:: Required work ::
Would you restate, word for word, only the lines starting at the one with "this 2016×1518 image." and ending with the final line of the entries below? Pictures stay out.

---------- Records ----------

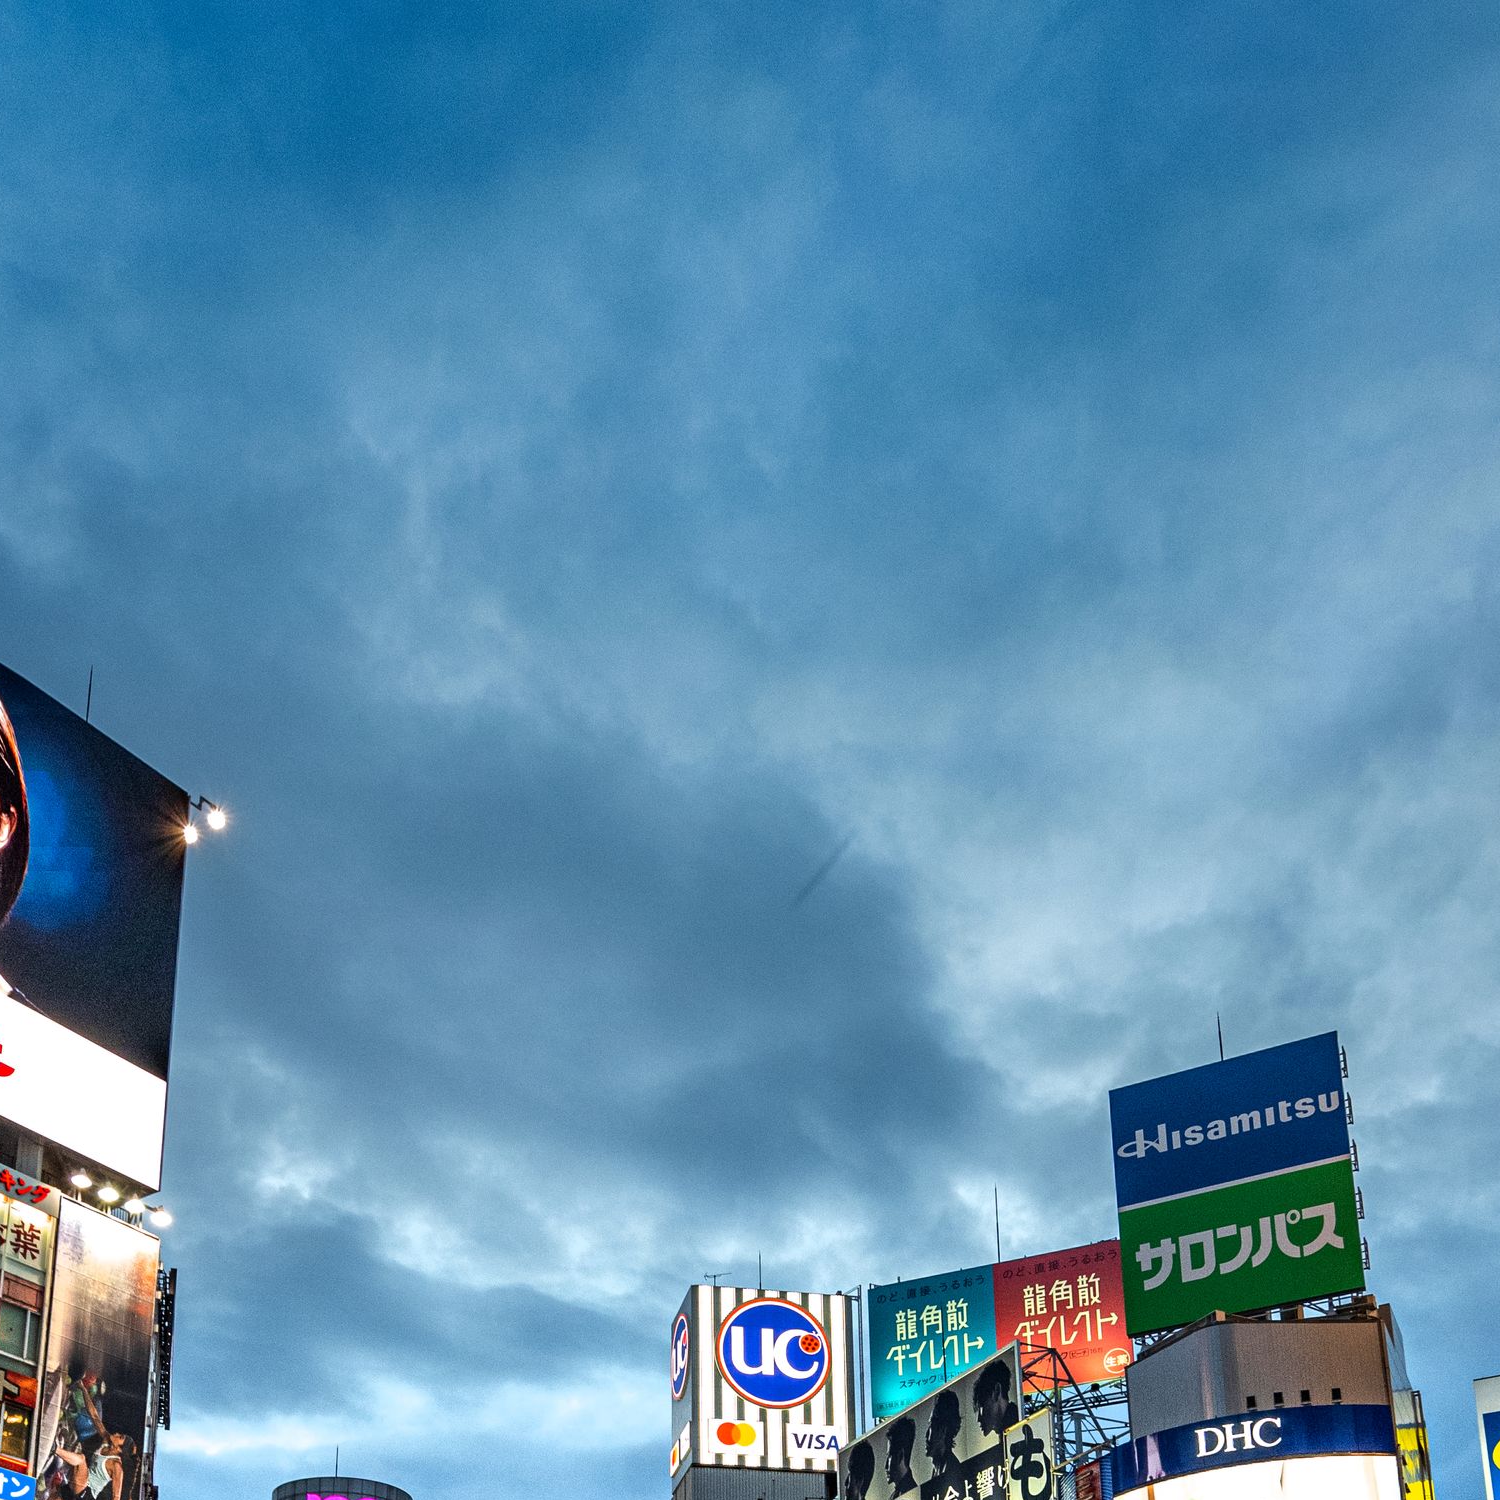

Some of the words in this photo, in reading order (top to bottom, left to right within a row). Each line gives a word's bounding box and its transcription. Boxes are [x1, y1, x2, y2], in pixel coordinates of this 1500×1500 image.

[1117, 1090, 1339, 1159] Hisamitsu
[1136, 1202, 1344, 1291] サロンパス
[1023, 1272, 1101, 1317] 龍角散
[895, 1298, 969, 1340] 龍角散
[1013, 1309, 1118, 1355] ダイレクト
[730, 1327, 819, 1379] UC
[886, 1334, 984, 1377] ダイレクト
[792, 1433, 840, 1450] VISA
[1194, 1417, 1282, 1458] DHC
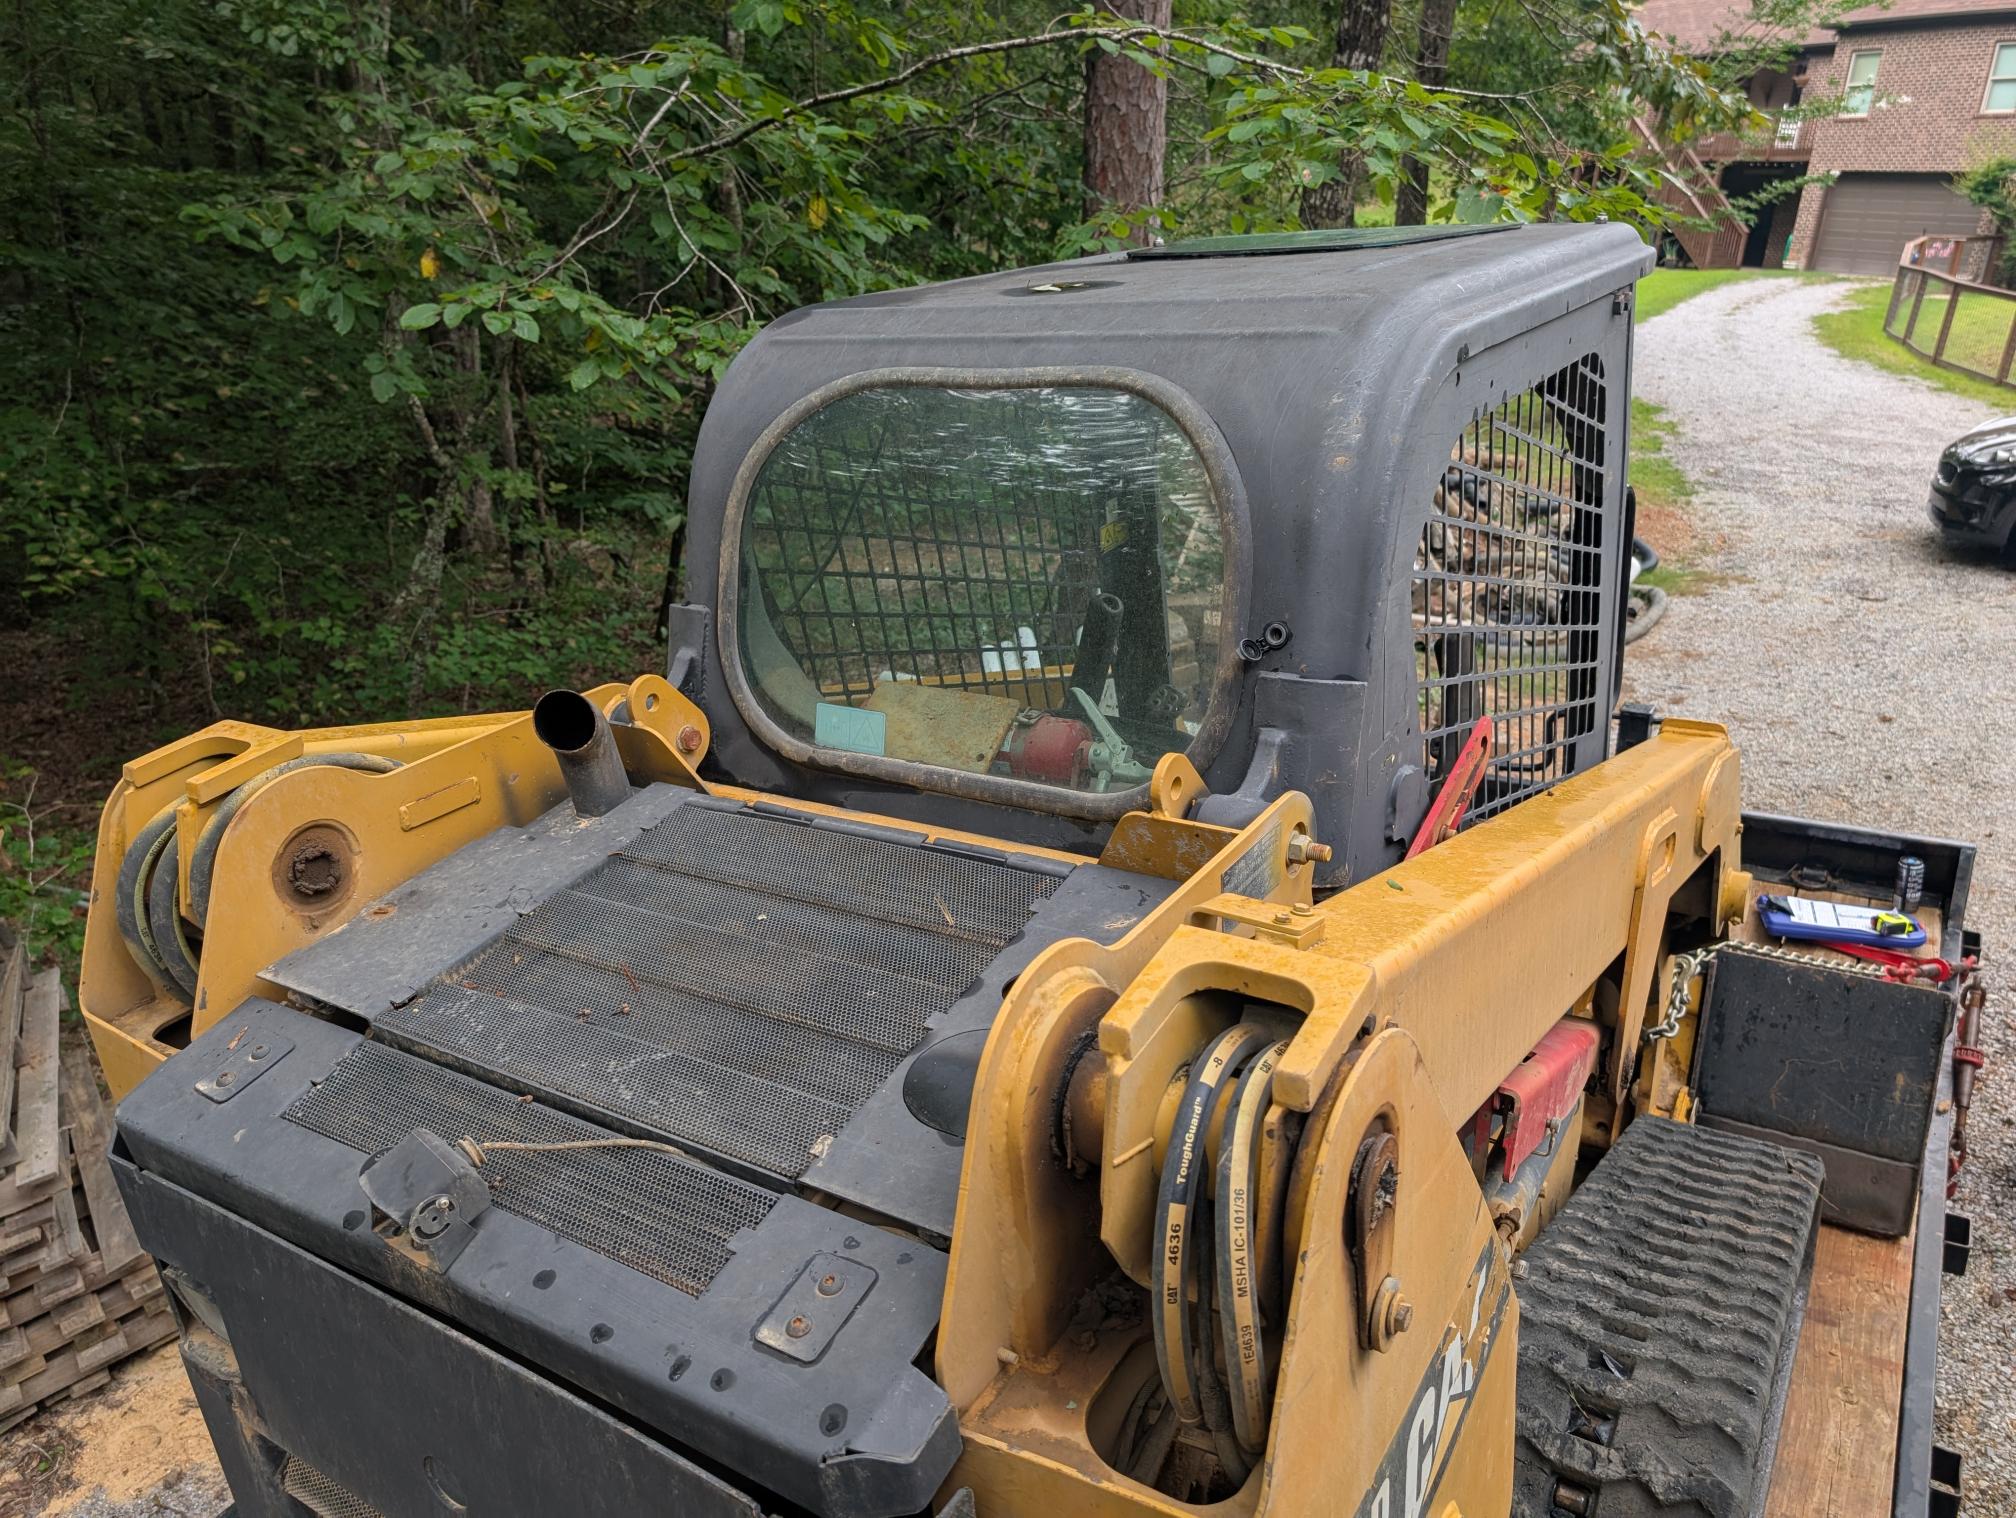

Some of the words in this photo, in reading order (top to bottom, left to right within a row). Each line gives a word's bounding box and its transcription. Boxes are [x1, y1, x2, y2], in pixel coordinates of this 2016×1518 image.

[1212, 1056, 1224, 1069] -8
[1259, 1060, 1273, 1073] CAT
[1233, 1187, 1246, 1253] IC-101/36
[1168, 1223, 1182, 1266] 4636
[1167, 1282, 1179, 1305] CAT
[1236, 1256, 1248, 1298] MSHA
[1241, 1324, 1256, 1365] 1E4639
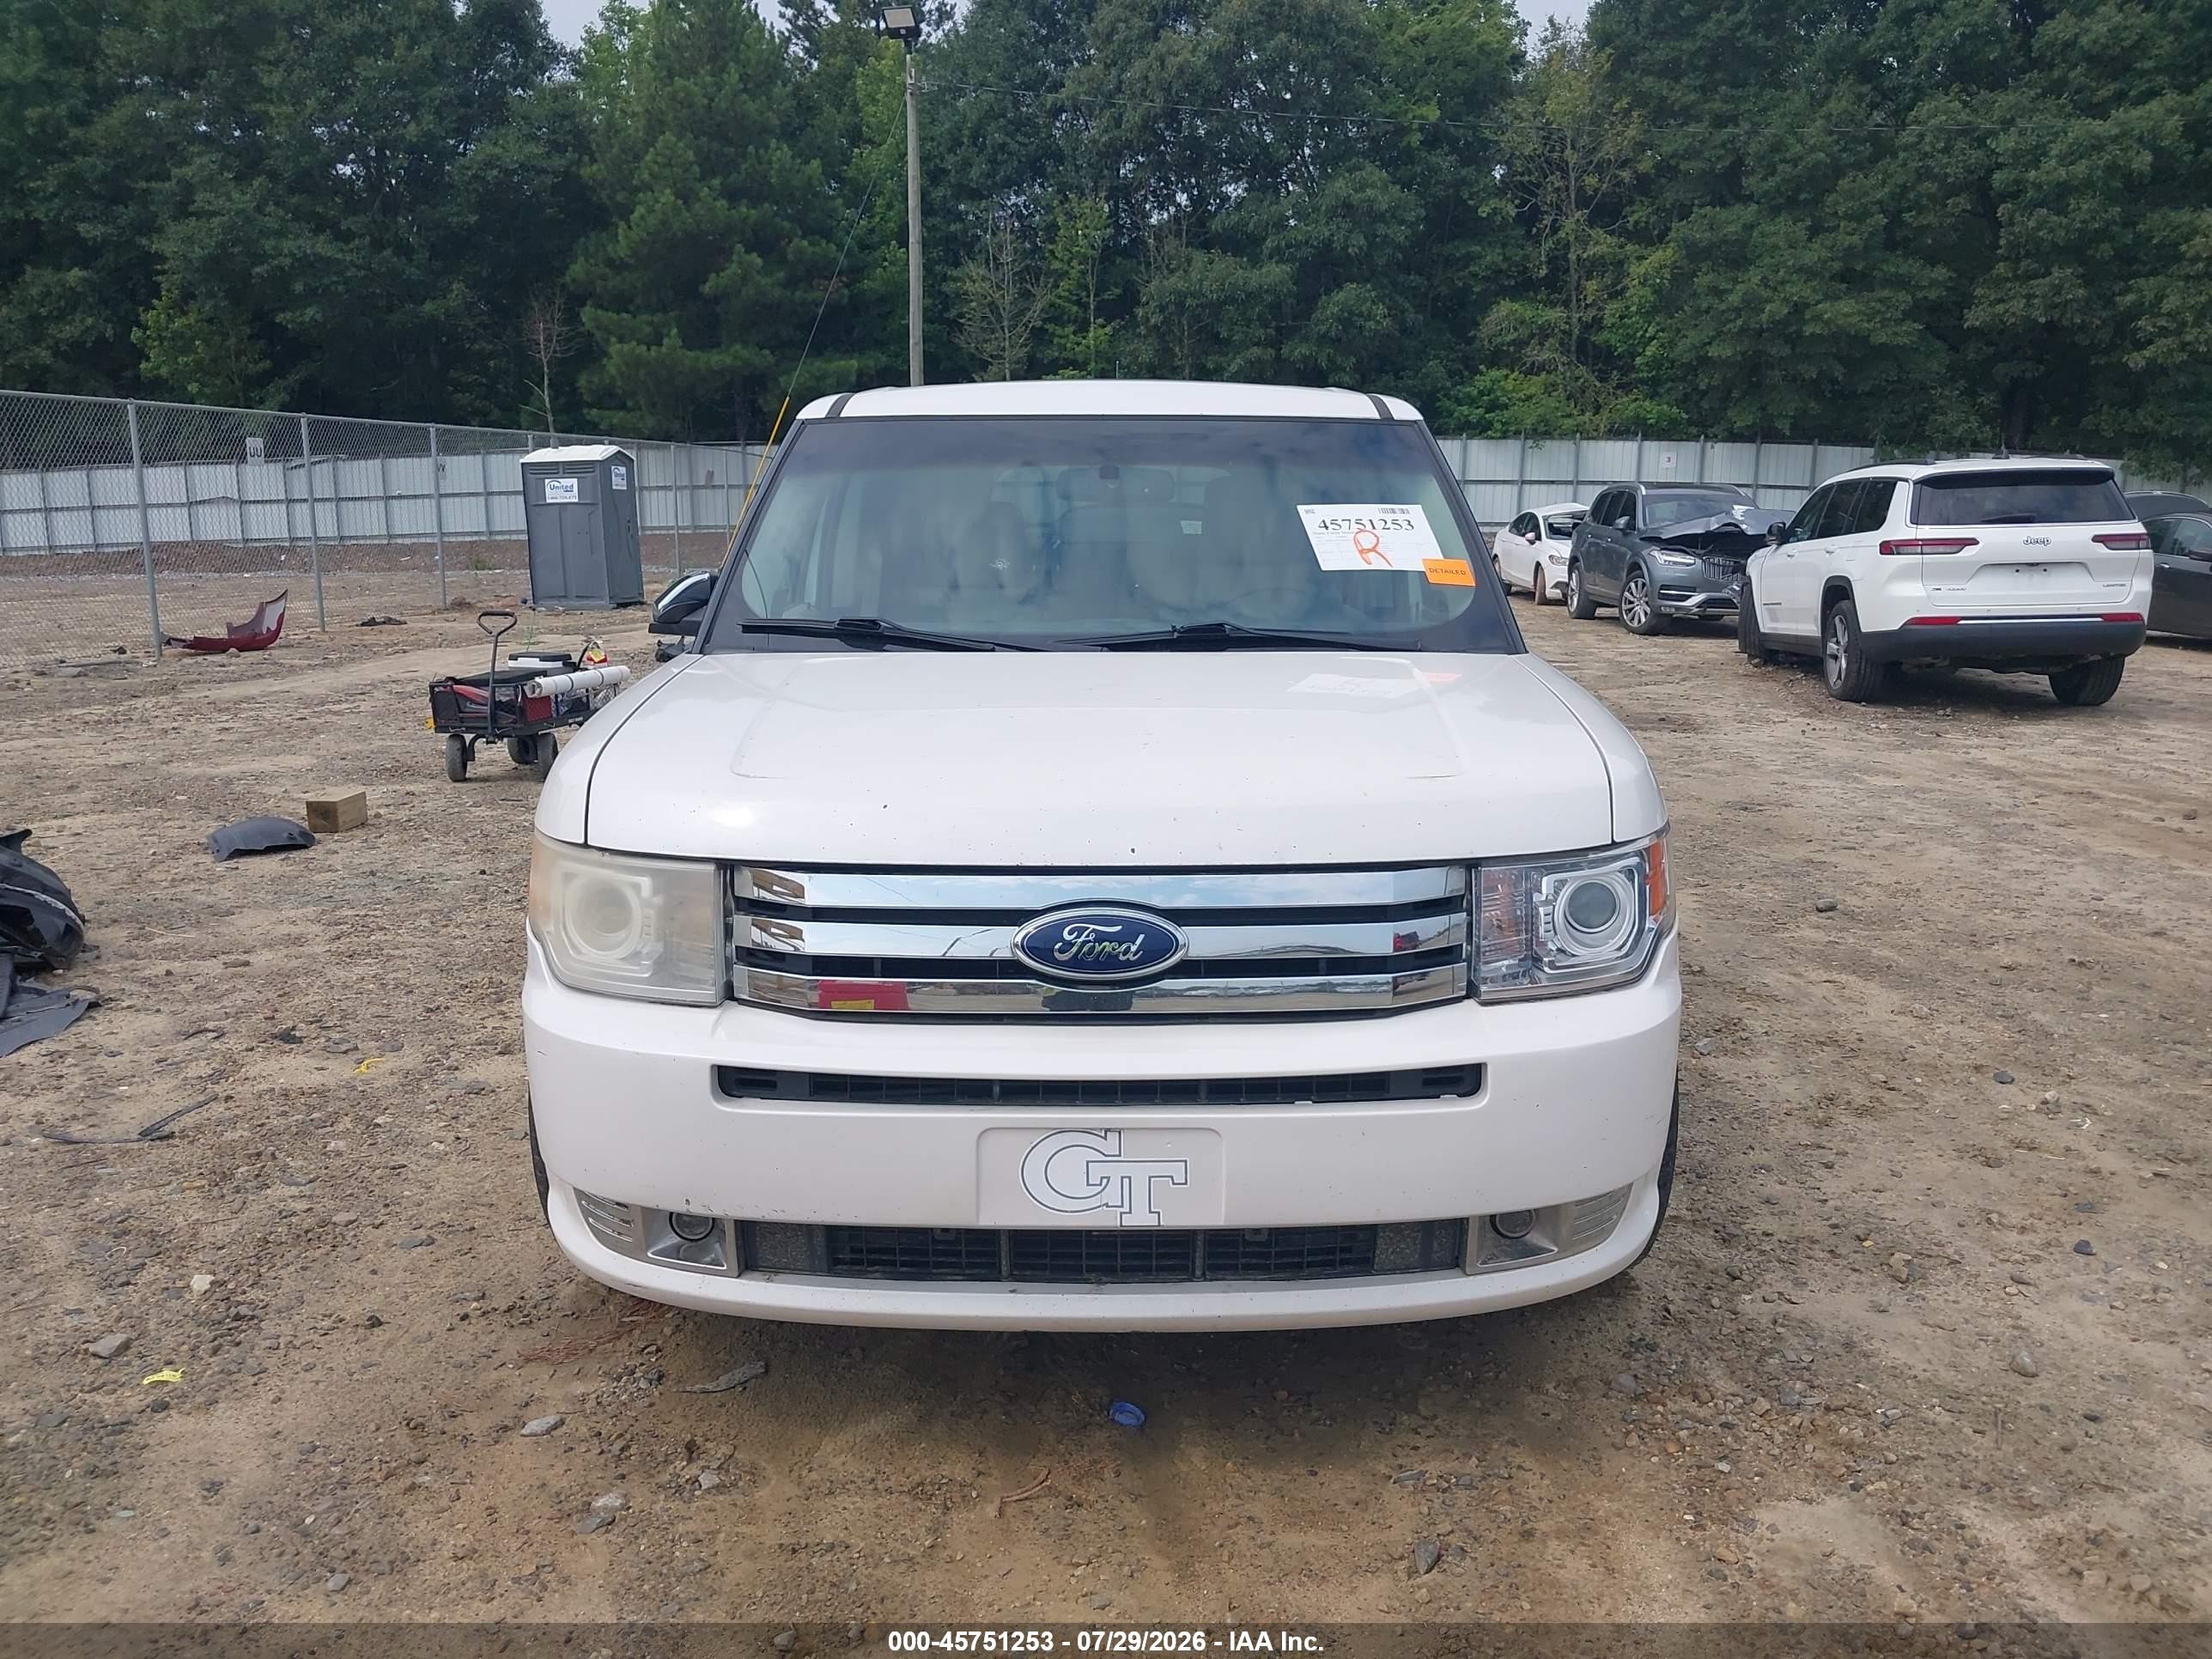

----------

:: Solution to this task ::
Some of the words in this photo, in reading order (top to bottom, left to right within a row). Each line gives a word's bounding box and its transcription. Boxes are [x1, y1, x2, y2], in pixel coordinates of this 2016×1518 image.

[1212, 1056, 1224, 1069] -8
[1259, 1060, 1273, 1073] CAT
[1233, 1187, 1246, 1253] IC-101/36
[1168, 1223, 1182, 1266] 4636
[1167, 1282, 1179, 1305] CAT
[1236, 1256, 1248, 1298] MSHA
[1241, 1324, 1256, 1365] 1E4639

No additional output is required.